Um 13.30 Uhr sind wir sehr nervös losgefahren und waren eine dreiviertel Stunde später an der deutschen Grenze, die wir noch passieren durften und waren damit in D. Ein paar Kilometer weiter wurden wir zur Grenzkontrolle auf einen Parkplatz gelenkt. Vorher gibt es keine Möglichkeit, von der Autobahn abzufahren. Auf dem Parkplatz standen 2 Grenzbeamte und es gab keine anderen Autos weit und breit. Ich hatte schon den Stapel Papiere in der Hand, als wir neben den Grenzbeamten anhielten und Chris das Fenster runter ließ. Der Grenzbeamte fragte, wohin wir wollten. Eigentlich hatten wir verabredet, dass Chris redet und ich die Klappe halte, weil er der Ruhigere ist. Der komplett vermummte Grenzbeamte sah mich aber über die Maske und durch die Brille hindurch freundlich an und ich sprudelte los, "dass wir meinen Eltern Lebensmittel bringen möchten. Wir hätten auch alles dabei" und versuchte dabei, ihm die Papiere an Chris vorbei zu reichen. Seine Augen (mehr sah man von ihm ja nicht) lächelten und er meinte: "Sie können weiter fahren. Grüßen Sie ihre Eltern"
Ufffz. Wir hatten mit viel mehr Fragen und Schwierigkeiten gerechnet.
Wir riefen meine Eltern an und informierten sie, dass wir kommen. Mein Vater kam ans Telefon und schimpfte erst mal, weil wir die weite Strecke fahren, freute sich dann aber sehr.
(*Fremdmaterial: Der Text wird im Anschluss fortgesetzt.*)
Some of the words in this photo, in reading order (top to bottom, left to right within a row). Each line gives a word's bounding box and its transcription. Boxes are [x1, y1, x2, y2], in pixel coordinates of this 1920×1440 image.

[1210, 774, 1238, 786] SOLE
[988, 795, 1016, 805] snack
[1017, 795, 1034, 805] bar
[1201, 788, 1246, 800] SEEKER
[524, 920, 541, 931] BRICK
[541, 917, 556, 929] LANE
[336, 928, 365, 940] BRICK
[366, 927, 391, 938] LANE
Bei ihnen angekommen, blieben sie in der Haustür stehen und wir desinfizierten jedes Teil und legten es auf das Mäuerchen. Wir hatten ihnen neben den Lebensmitteln auch noch Desinfektionskram und einen Blumenstrauß mitgebracht. Das Desinfektionszeug sieht man auf dem Mäuerchen, das war das Erste, was wir ausgepackt und desinfiziert hatten. Zwei Mal Handdesinfektion, die unsere Apotheke hier selbst herstellt und zwei Liter Flächendesinfektion aus der Nagelmodellage
Wir hatten immer mindestens 5 Meter Distanz, aber es war gut, meine Eltern in gutem Zustand zu sehen und zu merken, dass sie ihren Humor nicht verloren haben. Ich freue mich darauf, dass wir irgendwann wieder ins Haus kommen können und uns an den liebevoll gedeckten Tisch setzen können. Und auch meine Freundin Charlotte und meinen Exmann treffen zu können, die in der Nähe leben.
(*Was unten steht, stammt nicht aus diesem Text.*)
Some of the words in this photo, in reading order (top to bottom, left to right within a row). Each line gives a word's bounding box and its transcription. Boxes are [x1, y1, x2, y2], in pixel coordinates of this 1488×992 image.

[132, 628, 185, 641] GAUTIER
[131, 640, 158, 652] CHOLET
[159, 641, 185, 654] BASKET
Den Blumenstrauß virenfrei zu machen, war etwas tricky. Ich hatte einen an einer Tankstelle gekauft (Blumenläden sind hier dicht, die Tankstellen dürfen aber Blumen anbieten). Der hatte eine breite Papiermanschette um den Strauß und darüber war er noch komplett umweltschädlich in Plastik verpackt, aber genau das, was wir brauchten. Bei meinen Eltern haben wir das Plastik um den Blumenstrauß entfernt und die Manschette desinfiziert. Mein Vater hat den Blumenstrauß mit Handschuhen ins Haus getragen und in eine Vase gepackt.
Das alles ist so surreal. Manchmal denke ich wirklich, dass alles ist so schräg, das kann nur ein Alptraum sein.
Wir blieben ungefähr 10 Minuten und fuhren dann wieder gen Luxemburg. Da war bei der Einreise an der Grenze gar nichts, es war wie immer. Wir fuhren einfach durch.